How much is the state pension?

The maximum new-style pension you can get is £185.15 a week, or around £9,627 a year.

This is going up by 10.1% from April following the government's Autumn Statement.

That means the weekly allowance will rise to £203.85.

While the state pension might not be enough to live off alone, getting the most from it can give your finances a big boost.

Here are five things you can do to boost your state pension in 2023.

How do you qualify for the state pension?

The full state pension is only paid to those with a minimum 35 years national insurance contributions.

This is one of the taxes you pay while working and builds up your entitlement to the state pension.

There may be gaps if you were unemployed, lived abroad or took time off to care for children or relatives, which means you could get a lower amount.

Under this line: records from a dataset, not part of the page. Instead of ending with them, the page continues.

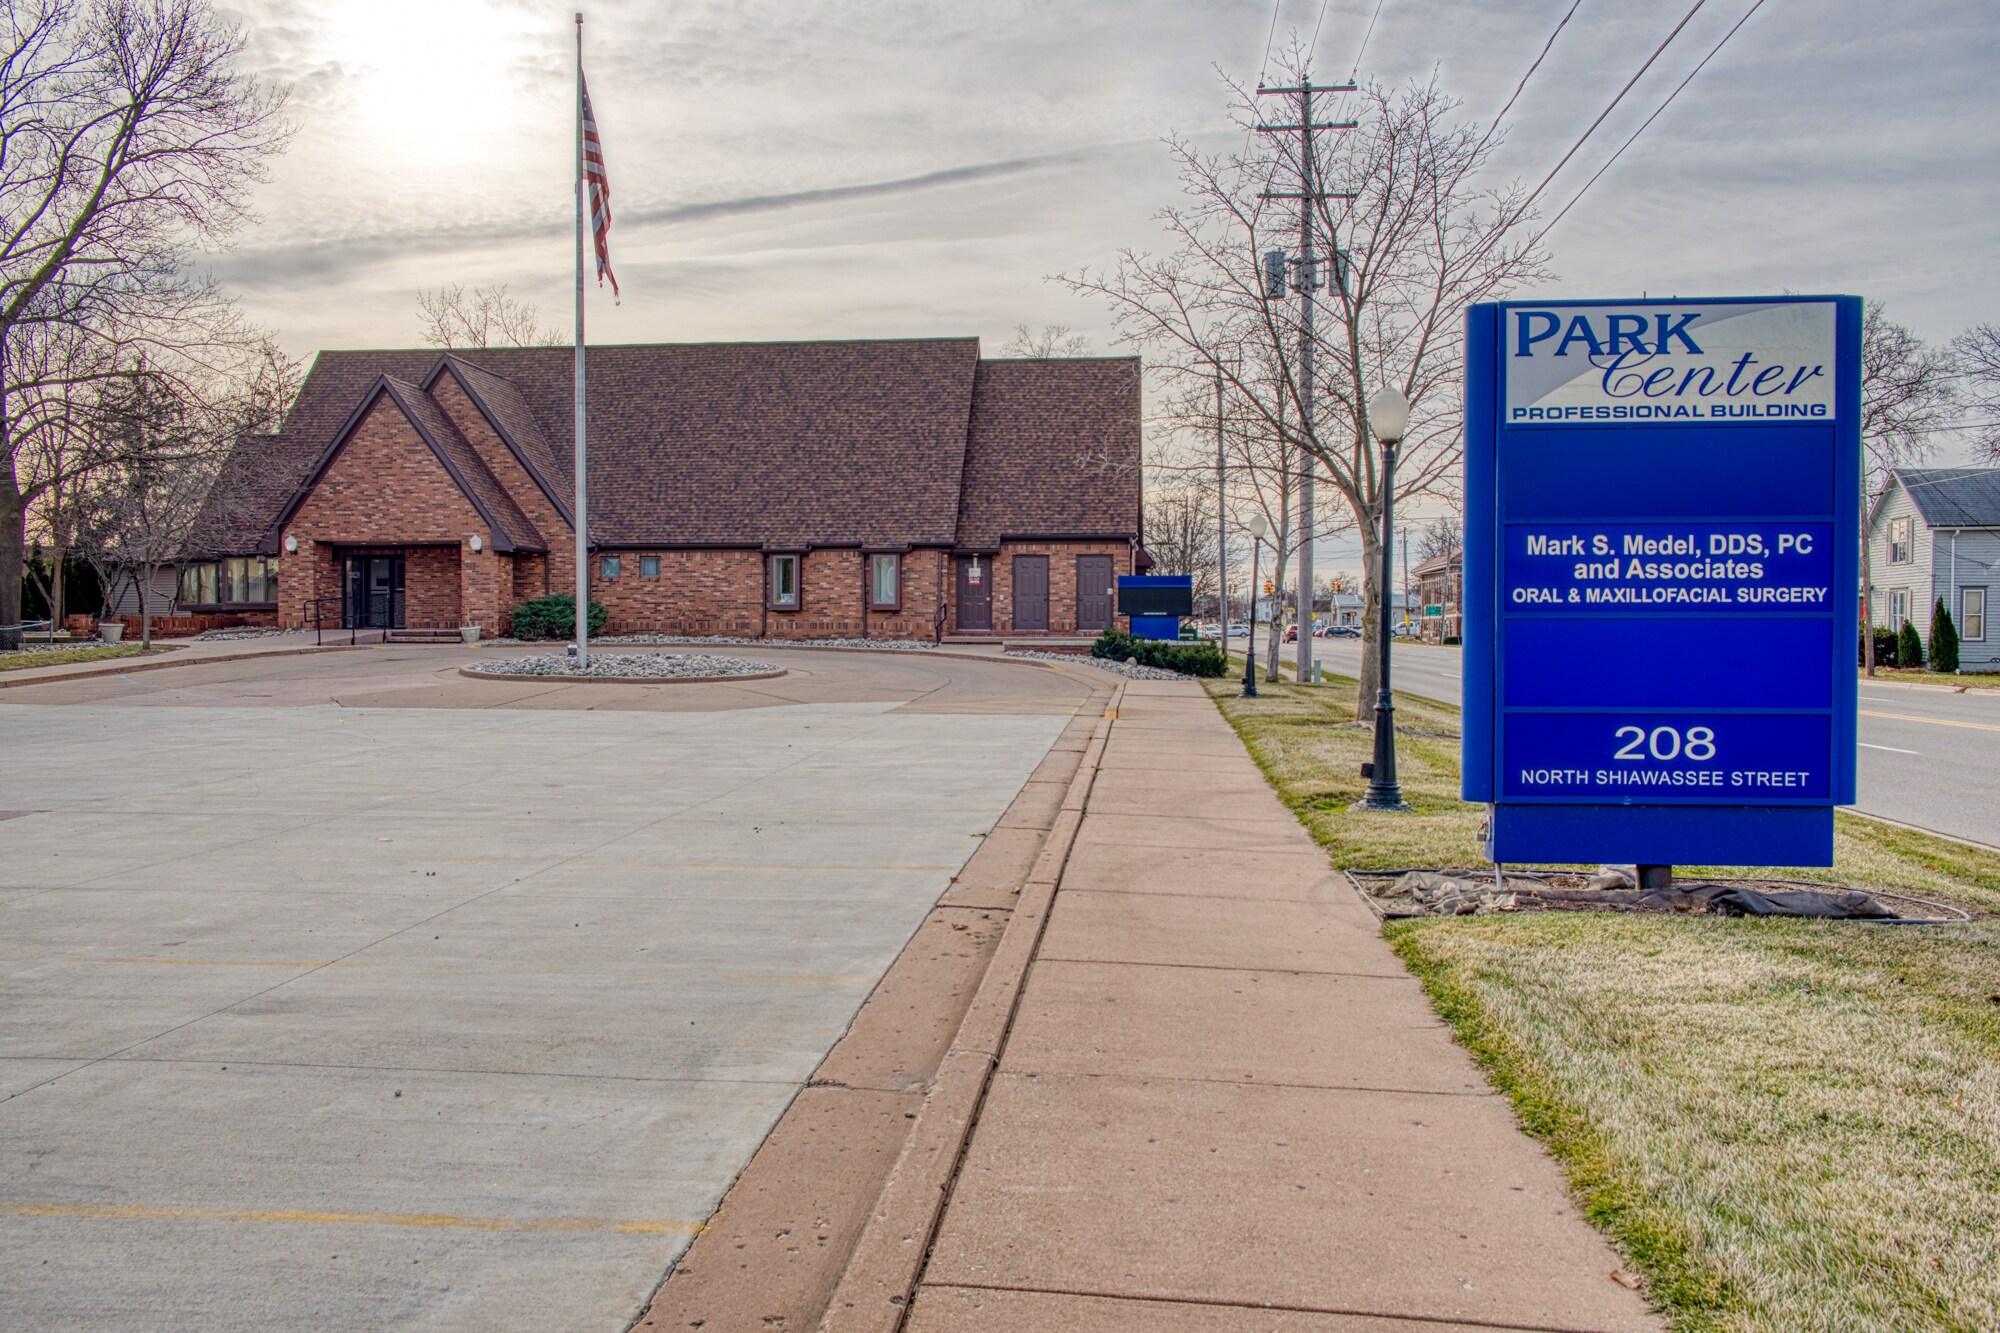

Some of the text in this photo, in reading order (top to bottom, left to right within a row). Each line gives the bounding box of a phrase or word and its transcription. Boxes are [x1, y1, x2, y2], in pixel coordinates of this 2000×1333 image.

[1515, 311, 1704, 357] PARK
[1589, 341, 1824, 398] Center
[1512, 403, 1828, 420] PROFESSIONAL BUILDING
[1527, 533, 1813, 558] Mark S. Medel, DDS, PC
[1574, 558, 1764, 579] and Associates
[1512, 587, 1828, 603] ORAL & MAXILLOFACIAL SURGERY
[1613, 726, 1717, 761] 208
[1522, 769, 1810, 787] NORTH SHIAWASSEE STREET

But in some cases you can apply for credits to top up your retirement fund.

You need at least 10 years of qualifying national insurance contributions to get any state pension payments.

This doesn't have to be from 10 years work in a row.

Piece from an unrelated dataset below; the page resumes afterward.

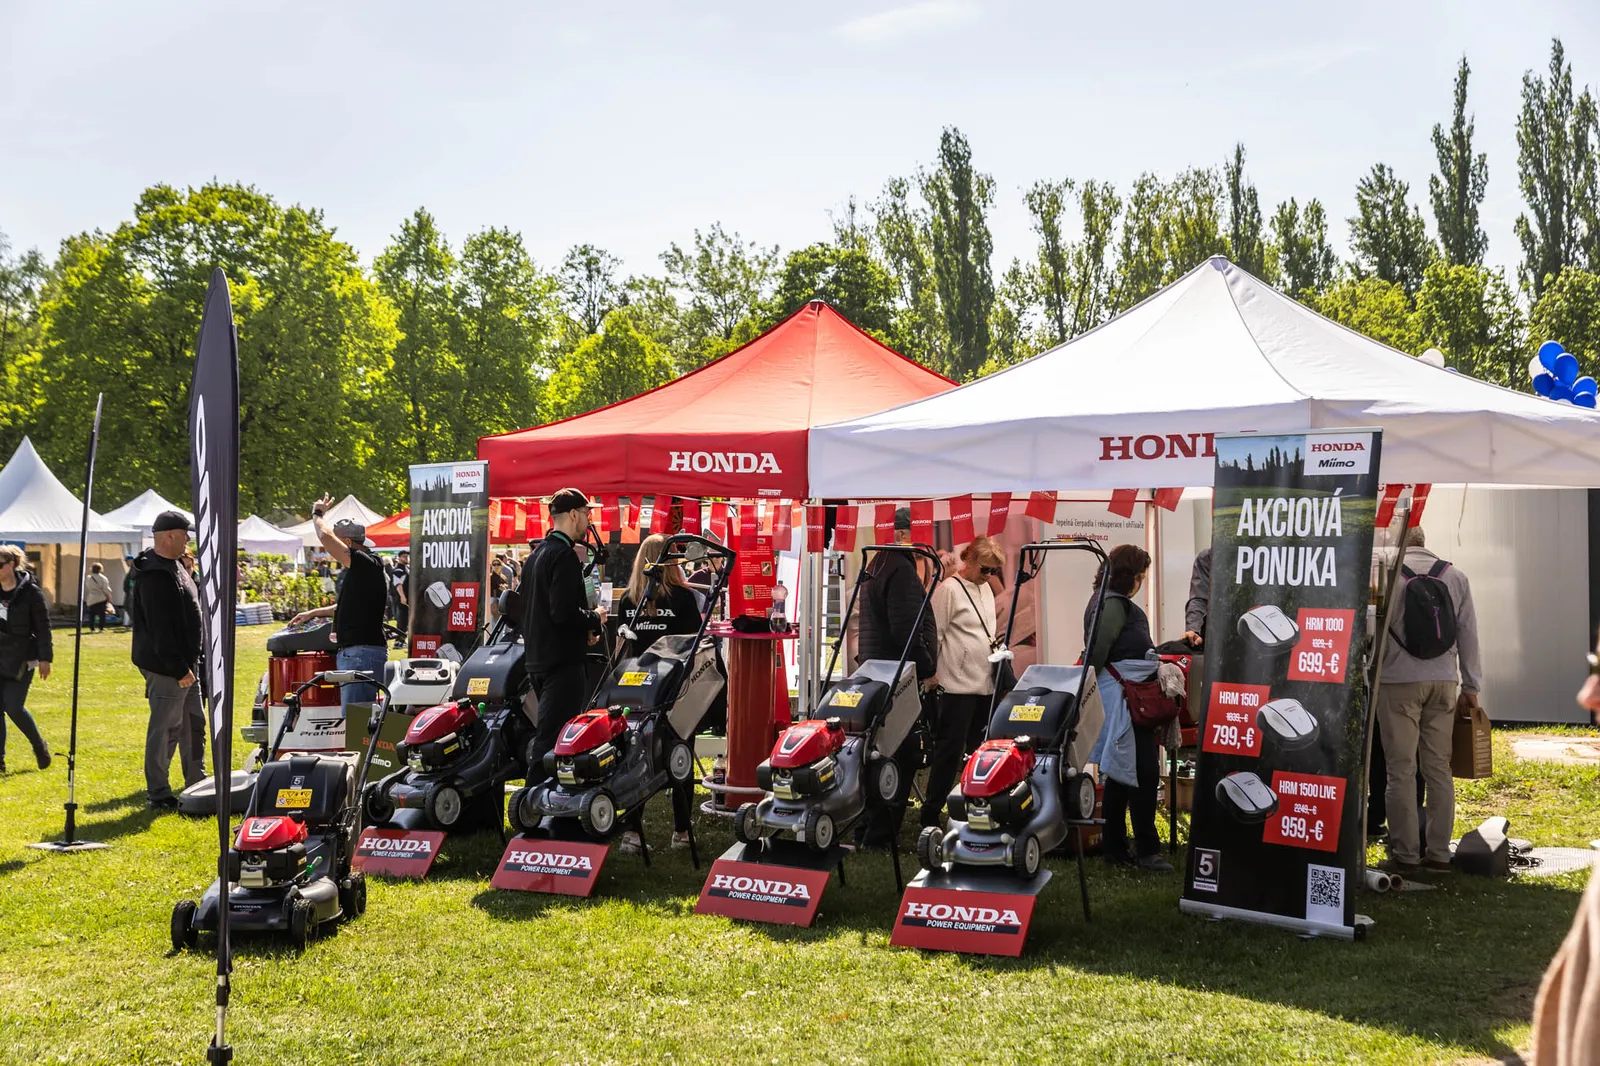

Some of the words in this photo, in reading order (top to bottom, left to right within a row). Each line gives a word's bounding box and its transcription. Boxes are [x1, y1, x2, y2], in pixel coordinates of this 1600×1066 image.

You can build up your eligibility as long as you have paid national insurance contributions for the equivalent of a decade during your working life.

It is possible to make voluntary national insurance contributions to top up your record, usually from the previous six years.

You can use a government tool to find out how many years of contributions you have and how much state pension you're likely to get.

But savers are facing a four-year wait for much anticipated new technology that will let them view all their pension pots in one place online.

How is the state pension calculated?

Your national insurance record is just one factor in how much state pension you will receive.

It is also based on a government calculation called the triple lock that determines how much the state pension rises by each year.

Under the triple lock system, pension payments increase at the start of the tax year in April by the higher of average wages, the consumer prices index or 2.5% in the previous September.

You may also be able to top-up your payments using pension credit.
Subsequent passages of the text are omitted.